NROW(x): Defined as length(x) for any Sequence object that is not a DataTable object. If x is a DataTable object, then it's defined as nrow(x).
names(x), names(x) <- value: Get or set the names of the elements in the Sequence.
elementType(x): Get the scalar string naming the class from which all elements must derive.
elementLengths(x): Get the 'length' of each of the elements.
isEmpty(x): Returns a logical indicating either if the sequence has no elements or if all its elements are empty.
nlevels(x): Returns the number of factor levels.
metadata(x), metadata(x) <- value: Get or set the list holding arbitrary R objects as annotations. May be, and often is, empty.
elementMetadata(x), elementMetadata(x) <- value: Get or set the DataTable holding local metadata on each element. The rows are named according to the names of the elements. Optional, may be NULL.
values(x), values(x) <- value: Alternative to elementMetadata functions.

Subsetting

In the code snippets below, x is a Sequence object or regular R vector object. The R vector object methods for window and seqselect are defined in this package and the remaining methods are defined in base R.

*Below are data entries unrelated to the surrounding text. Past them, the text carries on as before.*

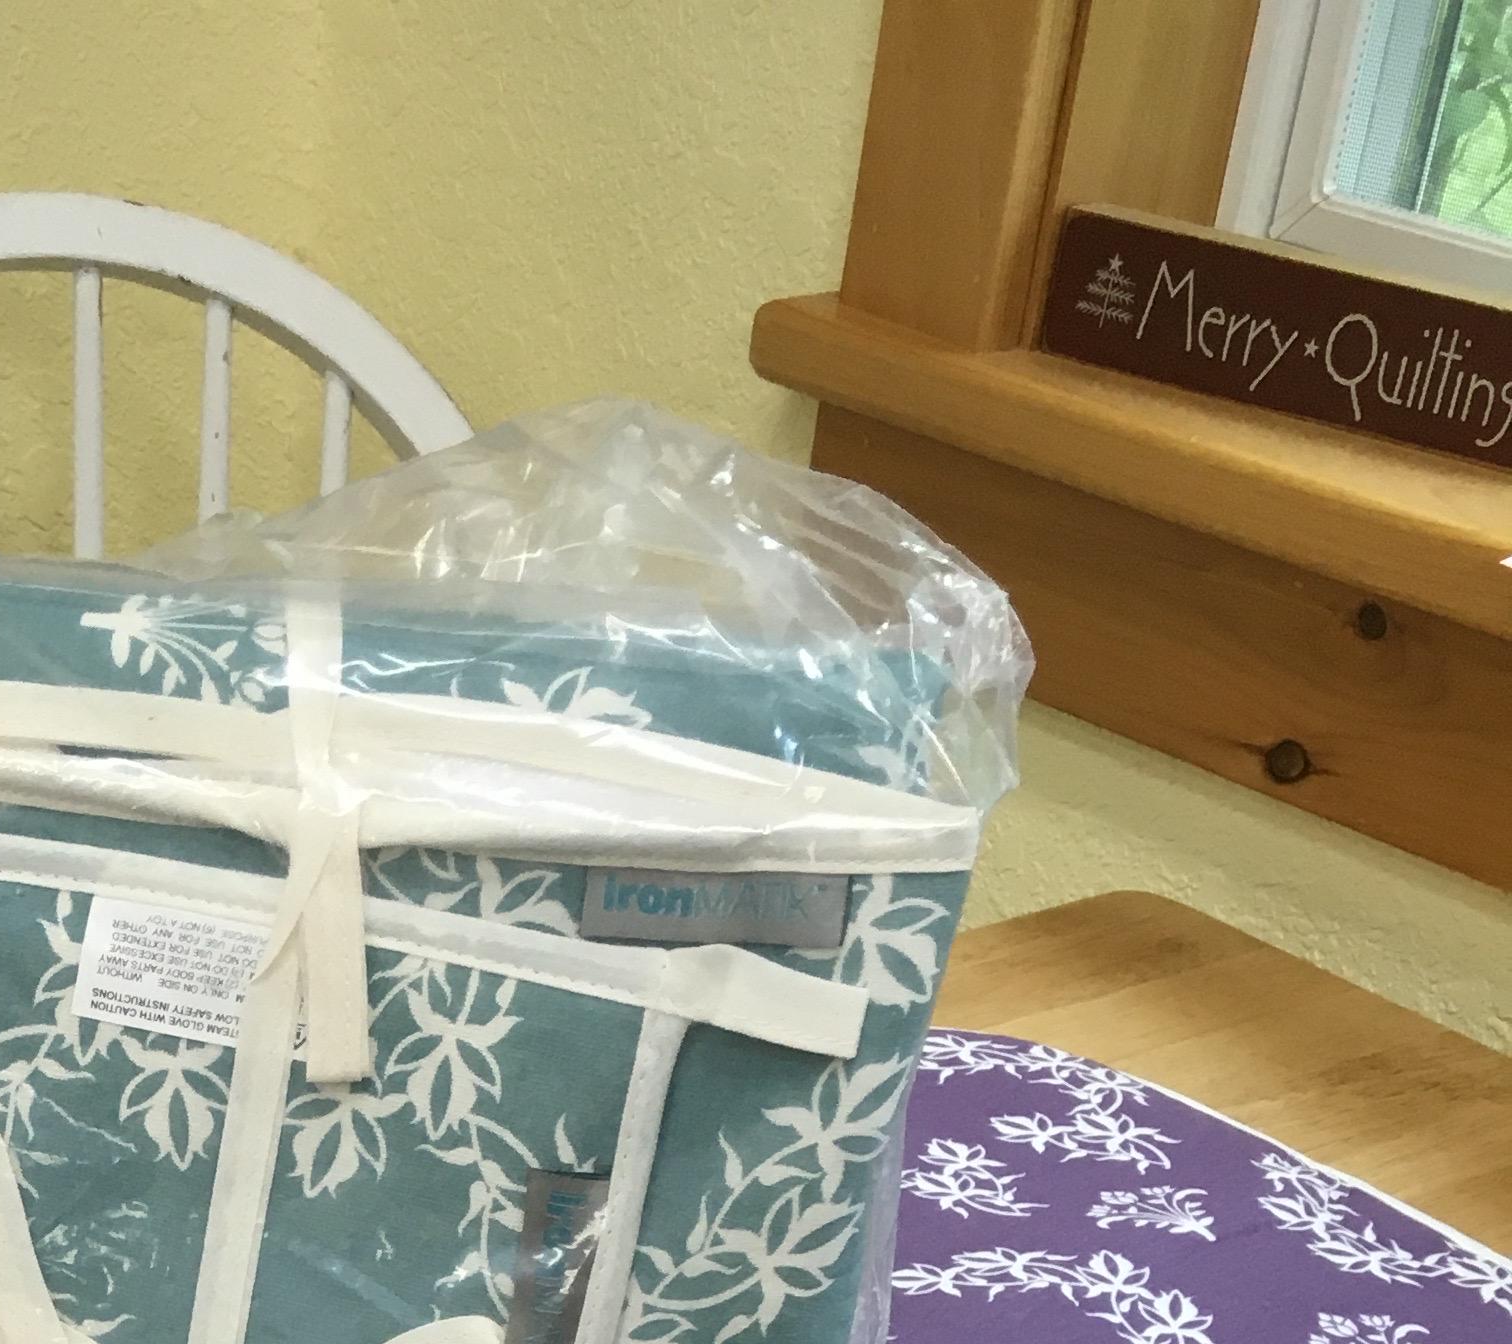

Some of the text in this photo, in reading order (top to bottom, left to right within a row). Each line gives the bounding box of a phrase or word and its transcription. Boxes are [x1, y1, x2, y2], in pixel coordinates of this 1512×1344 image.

[1136, 260, 1512, 447] Merry Quilting
[97, 953, 129, 967] AWAY
[130, 959, 164, 975] PARTS
[96, 965, 143, 982] WITHOUT
[91, 986, 170, 1012] INSTRUCTIONS
[89, 998, 137, 1018] CAUTION
[138, 1009, 166, 1023] WITH
[171, 1004, 212, 1020] SAFETY
[168, 1015, 204, 1031] GLOVE

x[i, drop=TRUE]: If defined, returns a new Sequence object made of selected elements i, which can be missing; an NA-free logical, numeric, or character vector; or a logical Rle object. The drop argument specifies whether or not to coerce the returned sequence to a standard vector.
x[i] <- value: Equivalent to seqselect(x, i) <- value.
window(x, start = NA, end = NA, width = NA, frequency = NULL, delta = NULL, ...): Extract the subsequence window from the Sequence object using:
start, end, width
The start, end, or width of the window. Two of the three are required.
frequency, delta
Optional arguments that specify the sampling frequency and increment within the window.
In general, this is more efficient than using "[" operator.
window(x, start = NA, end = NA, width = NA, keepLength = TRUE) <- value: Replace the subsequence window specified on the left (i.e. the subsequence in x specified by start, end and width) by value. value must either be of class class(x), belong to a subclass of class(x), be coercible to class(x), or be NULL. If keepLength is TRUE, the elements of value are repeated to create a Sequence with the same number of elements as the width of the subsequence window it is replacing. If keepLength is FALSE, this replacement method can modify the length of x, depending on how the length of the left subsequence window compares to the length of value.
seqselect(x, start=NULL, end=NULL, width=NULL): Similar to window, except that multiple consecutive subsequences can be requested for concatenation. As such two of the three start, end, and width arguments can be used to specify the consecutive subsequences. Alternatively, start can take a Ranges object or something that can be converted to a Ranges object like an integer vector, logical vector or logical Rle. If the concatenation of the consecutive subsequences is undesirable, consider using Views.
seqselect(x, start=NULL, end=NULL, width=NULL) <- value: Similar to window<-, except that multiple consecutive subsequences can be replaced by a value whose length is a divisor of the number of elements it is replacing. As such two of the three start, end, and width arguments can be used to specify the consecutive subsequences. Alternatively, start can take a Ranges object or something that can be converted to a Ranges object like an integer vector, logical vector or logical Rle.
head(x, n = 6L): If n is non-negative, returns the first n elements of the Sequence object. If n is negative, returns all but the last abs(n) elements of the Sequence object.
tail(x, n = 6L): If n is non-negative, returns the last n elements of the Sequence object. If n is negative, returns all but the first abs(n) elements of the Sequence object.
rev(x): Return a new Sequence object made of the original elements in the reverse order.
rep(x, times, length.out, each), rep.int(x, times): Repeats the values in x through one of the following conventions:
times
Vector giving the number of times to repeat each element if of length length(x), or to repeat the whole vector if of length 1.
length.out
Non-negative integer. The desired length of the output vector.
each
Non-negative integer. Each element of x is repeated each times.
subset(x, subset): Return a new Sequence object made of the subset using logical vector subset, where missing values are taken as FALSE.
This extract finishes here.